Terry started in films as an extra during her mid-teens, working at Thomas Ince Studio. She worked for Triangle Film Corporation from 1916 to 1919. She worked as an extra to help her family financially. She turned down being a full time actress and was interested in steady work to help support her family. For two years she worked in cutting rooms at Famous-Players-Lasky; she had also worked in a department store.

Despite her rising success, Terry felt restricted by the demands of Hollywood; her weight, hair color, acting, and dancing were all scrutinized, she was required to learn French (despite the films being silent), and her name was changed, all in service of making her a star.

Terry was married to Rex Ingram, a prominent director who directed most of the films that she played in. She gained recognition for her performances in The Four Horsemen of the Apocalypse and The Prisoner of Zenda. Terry was recognized for her beauty and screen presence, and often played lead roles.

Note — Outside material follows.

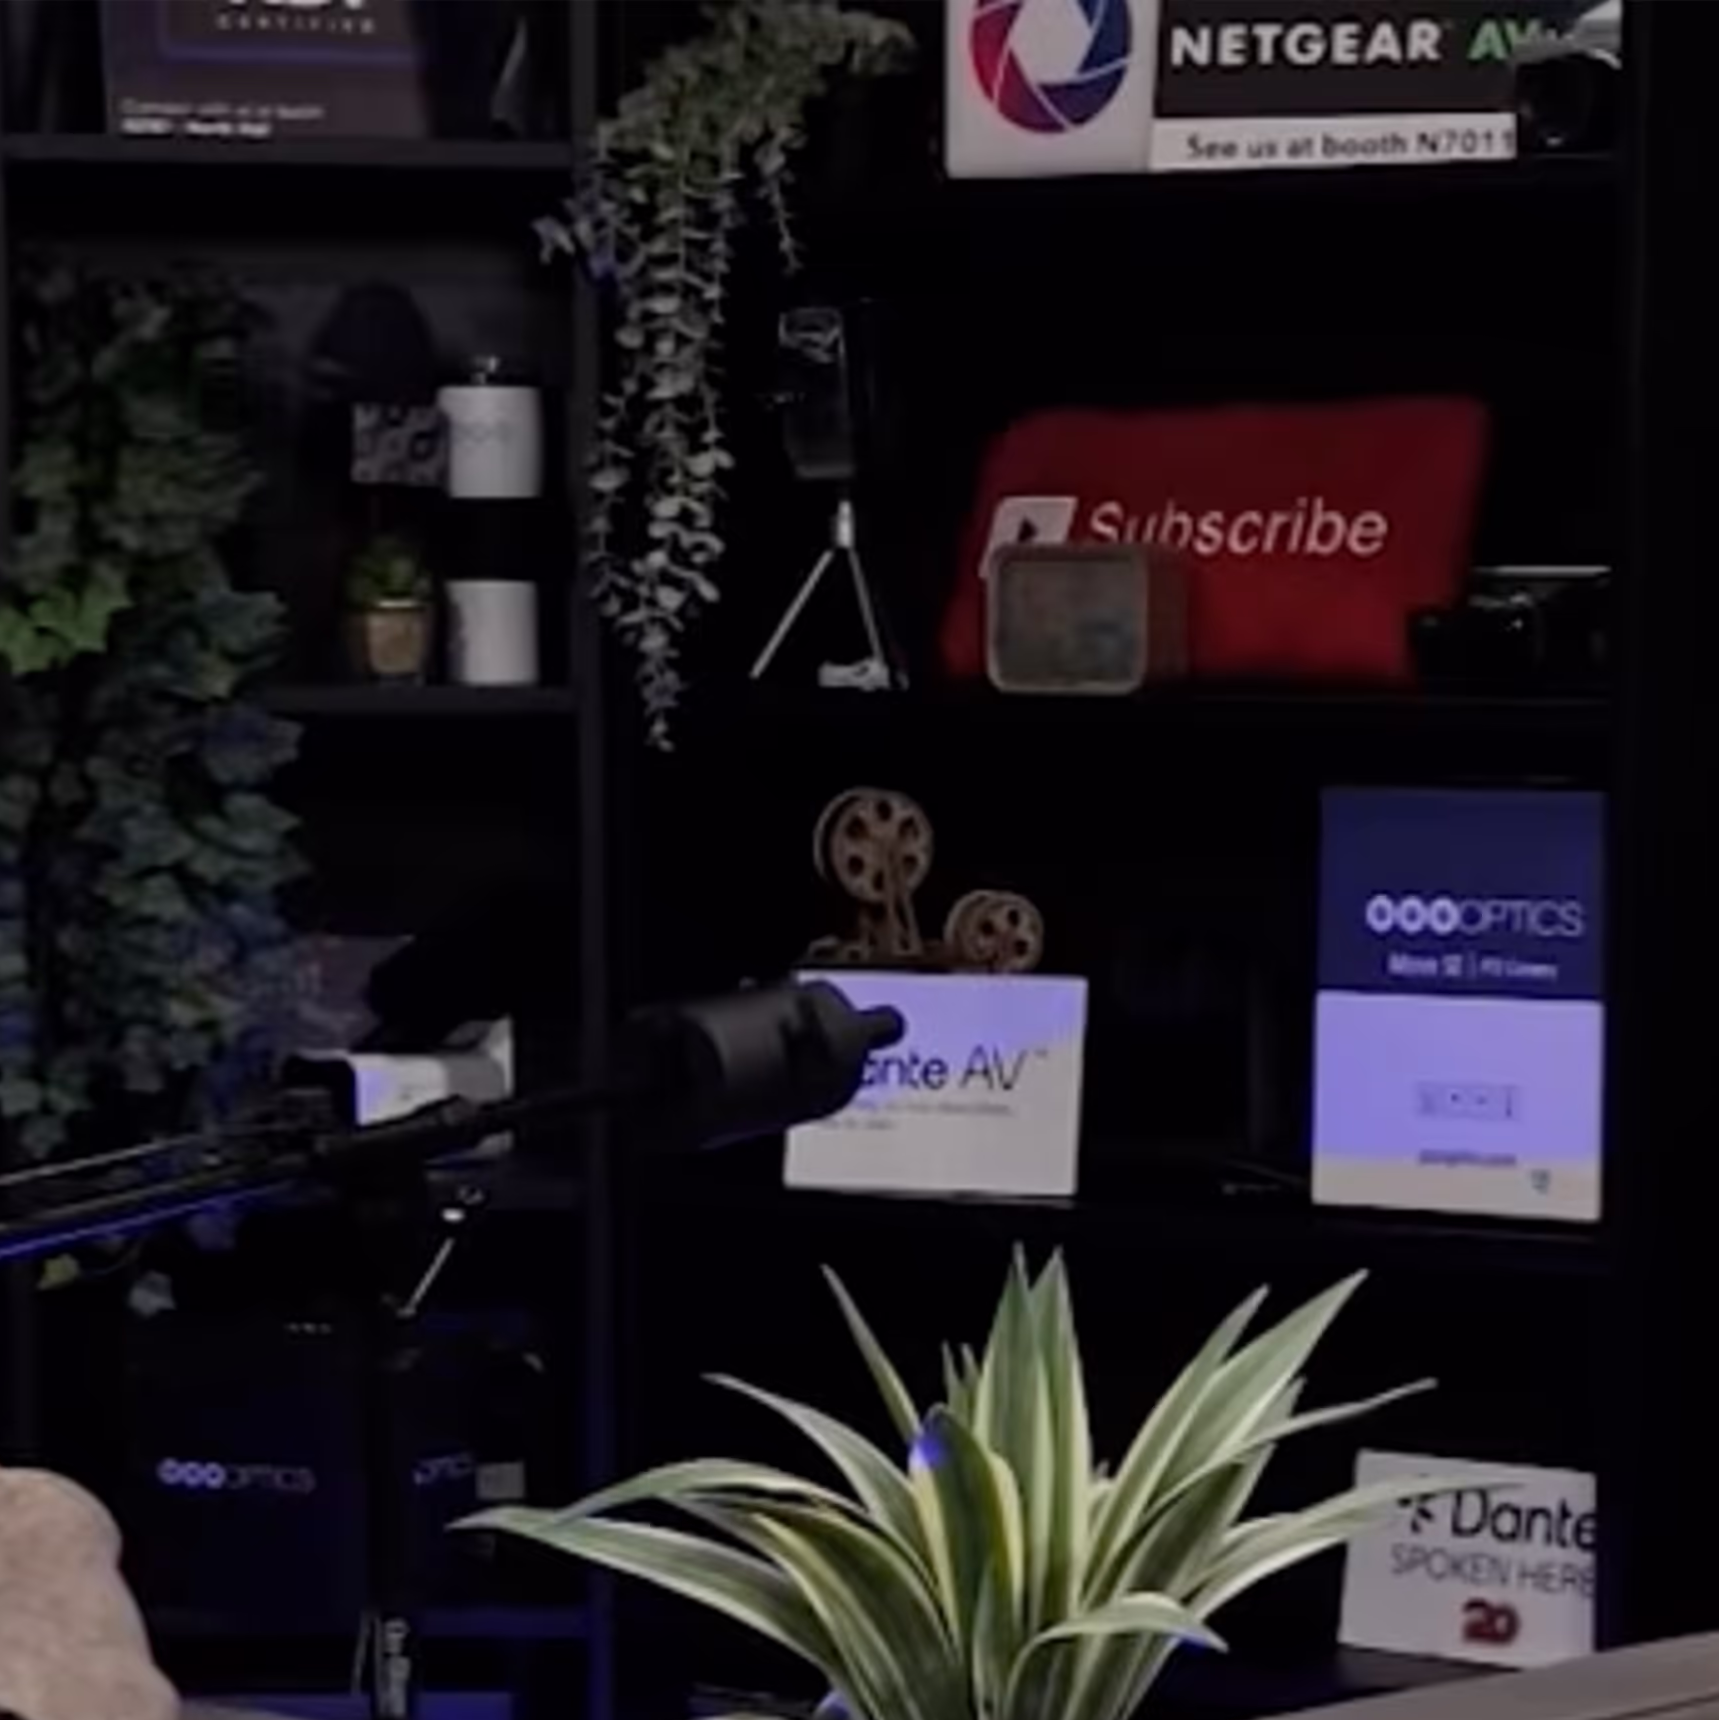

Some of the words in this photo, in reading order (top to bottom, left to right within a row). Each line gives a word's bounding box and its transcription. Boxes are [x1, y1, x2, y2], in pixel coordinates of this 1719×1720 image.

Ingram altered her appearance, encouraging her to wear blonde wigs, get dental work, and lose weight. Ingram also hired male stars who outshone her, such as in The Conquering Power (1921) and The Prisoner of Zenda. One fan magazine writer described Terry as "pliant clay," easily manipulated on screen.

In 1924 and 1925 their marriage was in jeopardy, and Terry worked with other directors. Her success during this period, particularly in Any Woman and Sackcloth and Scarlet, proved that she was a legitimate star away from her husband. With their relationship mended, Terry acted in six more pictures after 1925, five of which were directed by her husband, but she also took on additional responsibilities behind the scenes.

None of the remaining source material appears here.